Figure 1 shows the 3 DROs used in this study; each was designed to exercise different radiomic features. The DROs created for this project were: (1) a mathematically defined sphere with a radius of 100 mm and with uniform intensities (100 HU) for all voxels within the VOI; (2) a mathematically defined sphere with a radius of 100 mm, but having intensity variation that is sinusoidal in 3 dimensions with a mean of 100 HU, an amplitude of 50 HU, and a wavelength of 10 mm (3) a uniform intensity (100 HU) object with a nonspherical shape that is described by a sinusoidal variation in the location of the surface with a mean radius of 100 mm, an amplitude of 20 mm, and unitless azimuthal and inclination angular frequencies of 9 (ie 9 “bumps” in a cross section). More detailed descriptions are available in the study by Jaggi et al. (21), and the DROs are publicly available in DICOM and NIfTI formats at: https://doi.org/10.7937/tcia.2020.9era-gg29.
Patient Data Sets.
The patient data sets for this study were a subset of patient data sets used in a previous study (7, 14). Specifically, the same 10 cases selected from the LIDC data set (18) that were used in that previous study were used in this study (see details of cases in the online supplemental Appendix). As in that previous study, a single lesion from each case was identified for analysis. That previous study generated VOIs using algorithms from 3 academic institutions and each method performed three repeat runs on each nodule. For this study, and to eliminate one source of variability, 1 VOI was created for each lesion and all sites used that same VOI definition. The specific VOI chosen for each lesion was the first run of the first algorithm [Algorithm 1 in Kalpathy-Cramer et al. (14)]. Based on our experience with that previous project (7), both DICOM and NIfTI formats were created for each image data set, and the VOI was provided in each format as well (DSO and NIfTI segmentation boundary).
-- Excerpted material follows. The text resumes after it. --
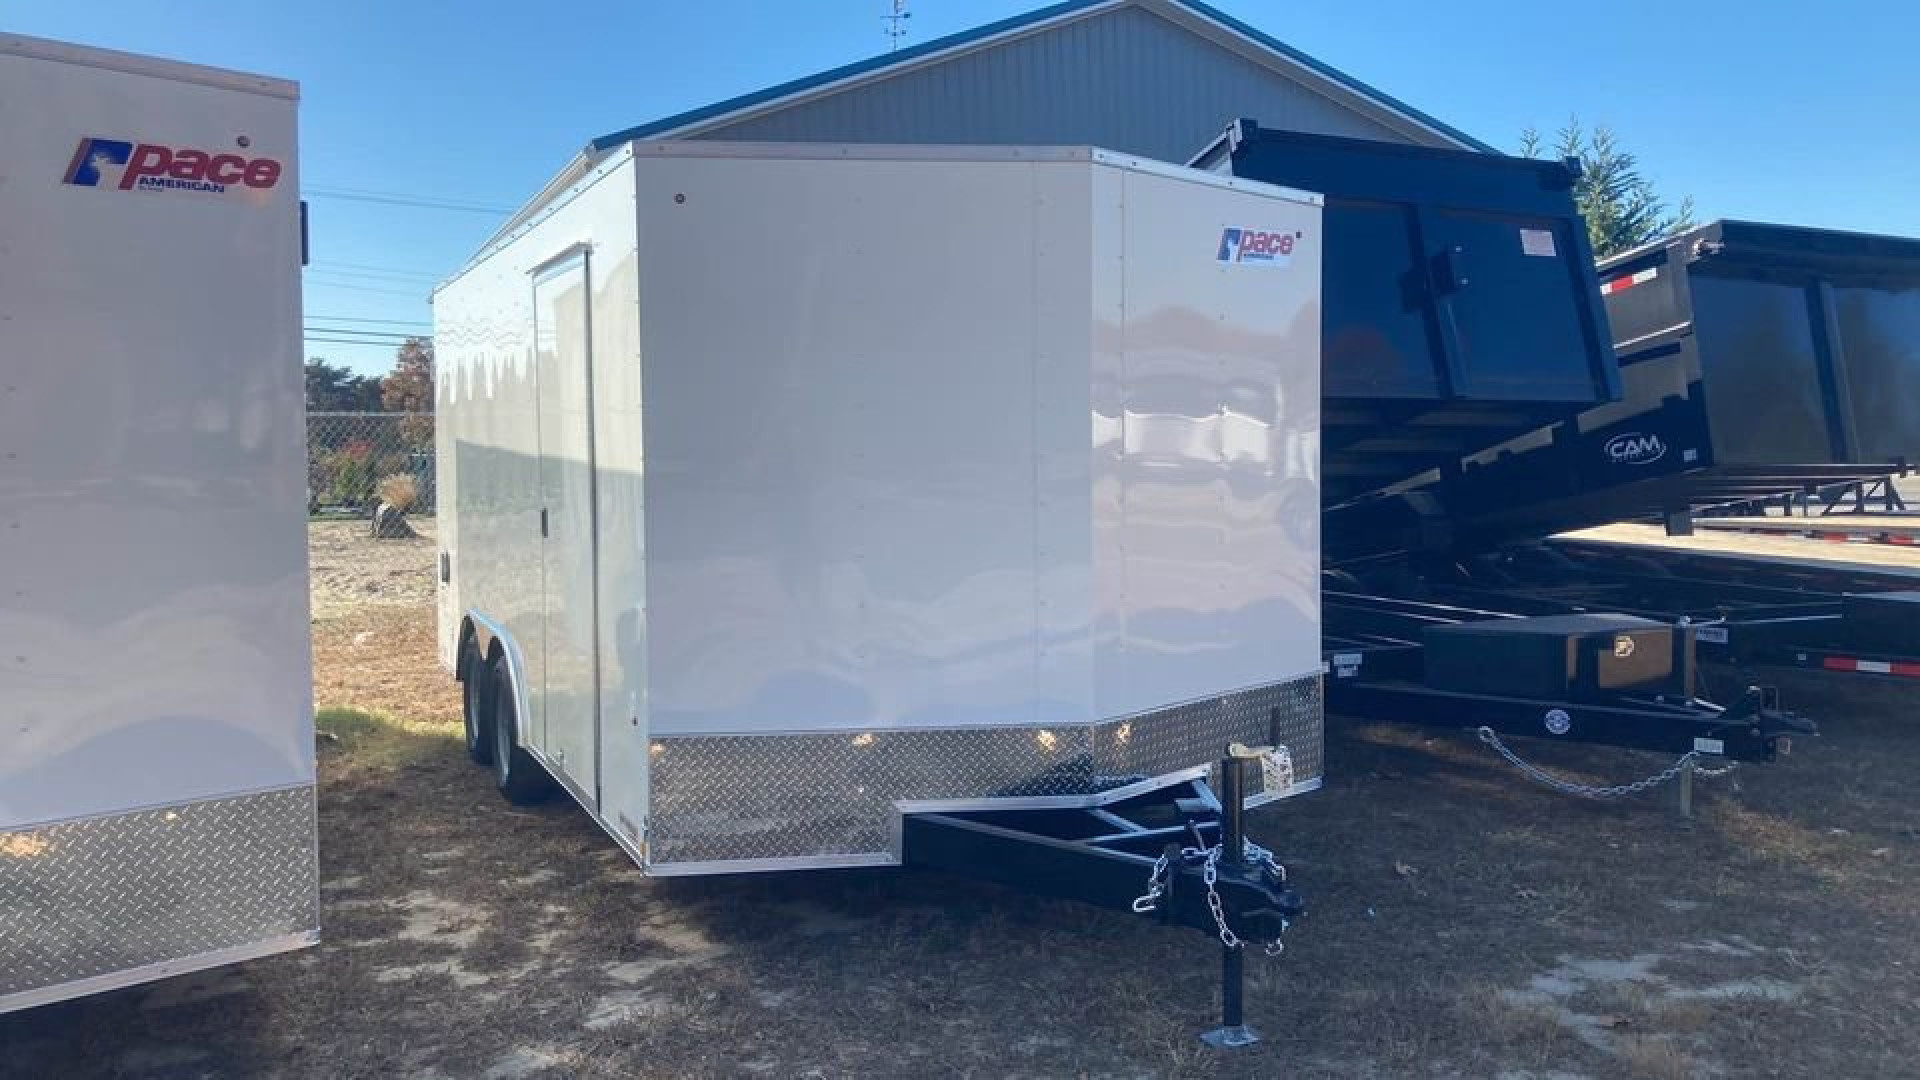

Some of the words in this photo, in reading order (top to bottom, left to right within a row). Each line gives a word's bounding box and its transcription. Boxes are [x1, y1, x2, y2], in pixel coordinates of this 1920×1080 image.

[118, 143, 282, 190] pace
[139, 177, 225, 193] AMERICAN
[1236, 230, 1294, 262] pace
[1610, 436, 1660, 457] CAM
Three example lung lesions are shown in Figure 2. The online supplemental Appendix contains a table with details about the lesions including a description of which LIDC data set was used and the range of nodule sizes and densities (1 nodule was clearly calcified). That table also shows that 5 of the 10 cases used contiguous reconstructions (slice spacing = slice thickness), while the other 5 used overlapped reconstructions (slice spacing < slice thickness). Finally, this table also shows that images acquired from different scanners (GE vs Philips) used different values for the conversion from gray levels to HU (DICOM tag rescale intercept; image data sets from GE scanners used −1024 as the rescale intercept, while image data from Philips scanners used rescale intercept of −1000).
Software Packages Used
Feature calculation results were received from 10 different sites. Some sites submitted results from 2 different software packages. The software packages were primarily developed by the participating institutions with the exception of PyRadiomics (10, 23) which is an open source Python-based radiomics package that 3 different sites used (1 used only PyRadiomics and 2 other sites submitted results from their own software as well as data from PyRadiomics). Table 1 summarizes the software packages used in this study as well as whether they used DICOM, DSO, or NIfTI formats for the images and VOIs.
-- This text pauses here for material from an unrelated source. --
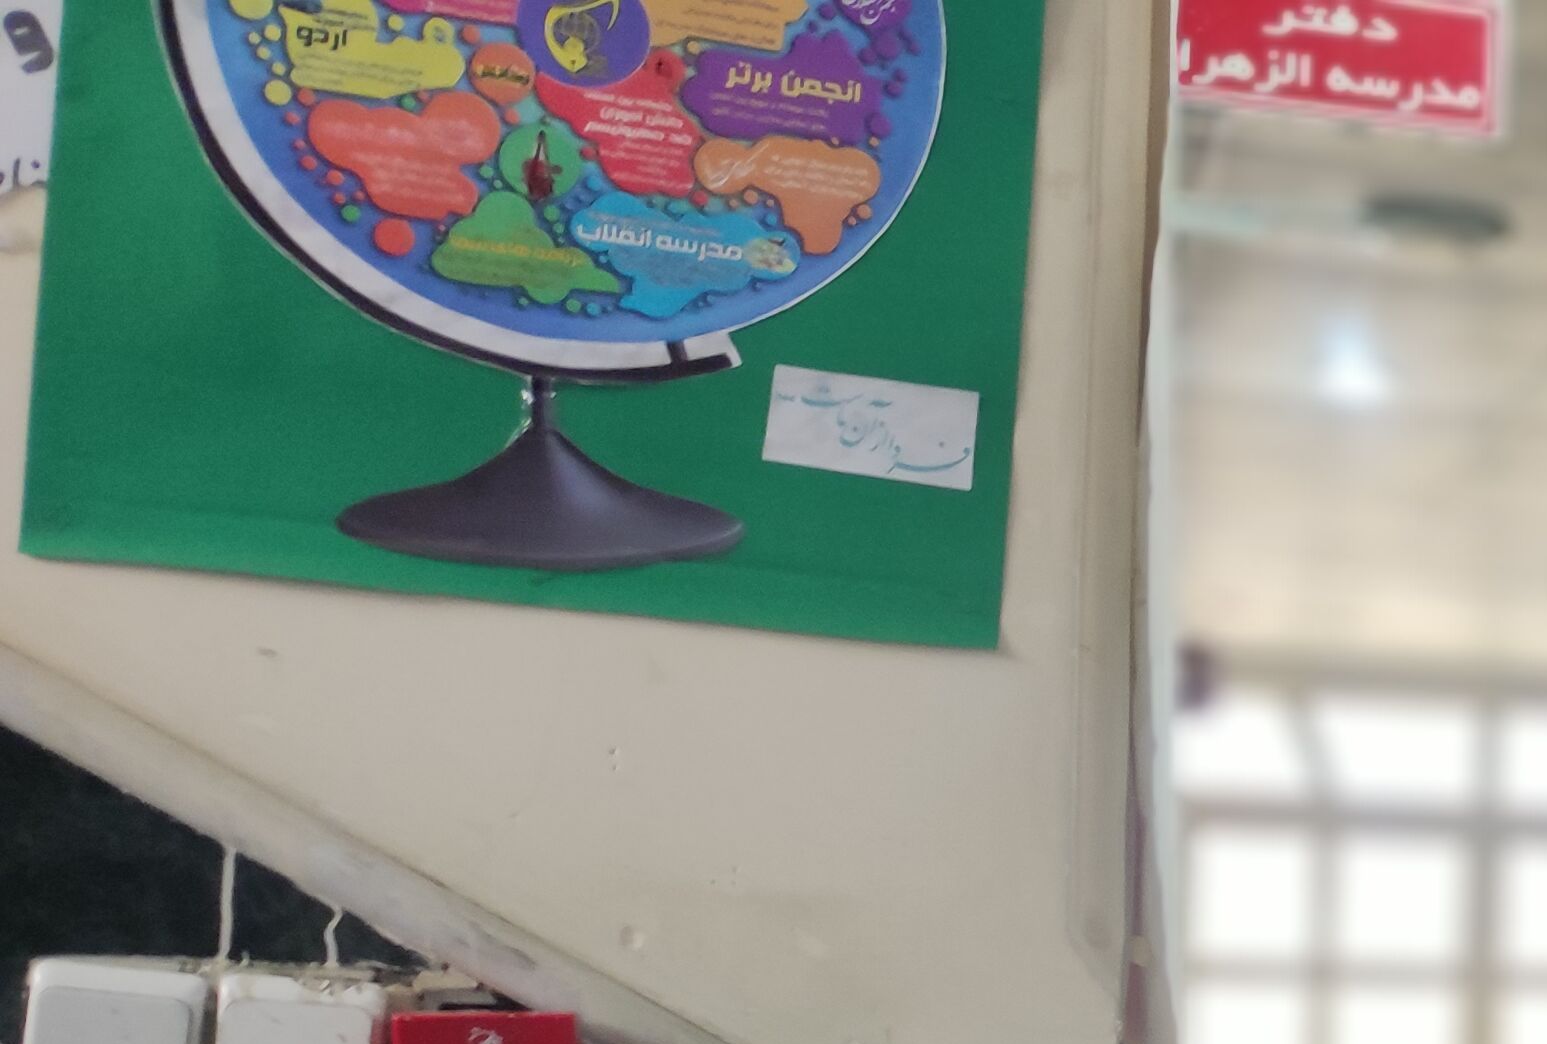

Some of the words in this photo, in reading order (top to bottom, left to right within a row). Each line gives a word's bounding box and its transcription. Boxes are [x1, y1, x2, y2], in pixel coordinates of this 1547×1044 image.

|Site||Software||Image Data Used||VOI Data Used|
|1. Stanford||Quantitative Image Feature Engine (QIFE) (9, 24)||DICOM||DSO|
|1. Stanford||PyRadiomics (10, 23)||DICOM||DSO|
|2. UCLA||Quantitative Image Analysis (QIA) (25–27)||DICOM||NIfTI|
|2. UCLA||PyRadiomics (10, 23)||DICOM||NIfTI|
|3. UW||PMOD (28)||DICOM||NIfTI|
|3. UW||PORTS (GLCM only) (29)||DICOM||NIfTI|
|4. USF||Package 1||DICOM||NIfTI|
|5. Moffit||Package 2||DICOM||NIfTI|
|6. Columbia||Package 3 (17)||DICOM||NIfTI|
|7. Michigan||MiViewer (30, 31)||DICOM||NIfTI|
|8. BC Cancer||SERA (32)||DICOM||NIfTI|
|9. Penn (CBICA)||CaPTK (11)||DICOM||NIfTI|
|10. UCSF||PyRadiomics (10, 23)||DICOM||DSO|
Harmonization of GLCM Entropy
Each site and software package (including the authors of PyRadiomics) was surveyed to determine if they were calculating radiomic features according to the definitions described by the IBSI (above). In some cases, the software packages were developed by others and it could not be precisely determined how the features were being calculated. In the specific case of the GLCM entropy feature, there are several choices in how this feature was calculated and this was determined as best as possible. This included trying to determine parameters related to the formation of the co-occurrence matrix (distance, angle), quantization of gray levels (HU), the number of levels to form the matrix, and whether the implementation required both the source and destination voxel, or just the source voxel, to be contained within the VOI. Other parameters surveyed were related to the calculation of the feature including how the feature aggregation was being performed [in Section 3.6 of the IBSI reference manual (13)].
The survey of the participating sites and their software packages revealed that there was a wide range of approaches to calculating GLCM entropy. The initial decision was made to proceed with whatever default parameters were being used in each site's software package(s) for the purposes of assessing agreement using the DROs and patient data sets. The decision was also subsequently made to determine if sites could harmonize their calculation of the GLCM entropy feature values by using as many common parameter settings (without rewriting any code) as possible.
Specifically, sites harmonized their calculation of GLCM entropy by using the following in their calculations:
Interpolate to isotropic 1-mm voxels.
Calculate the features in 3D with 13 angles and d = 1 mm.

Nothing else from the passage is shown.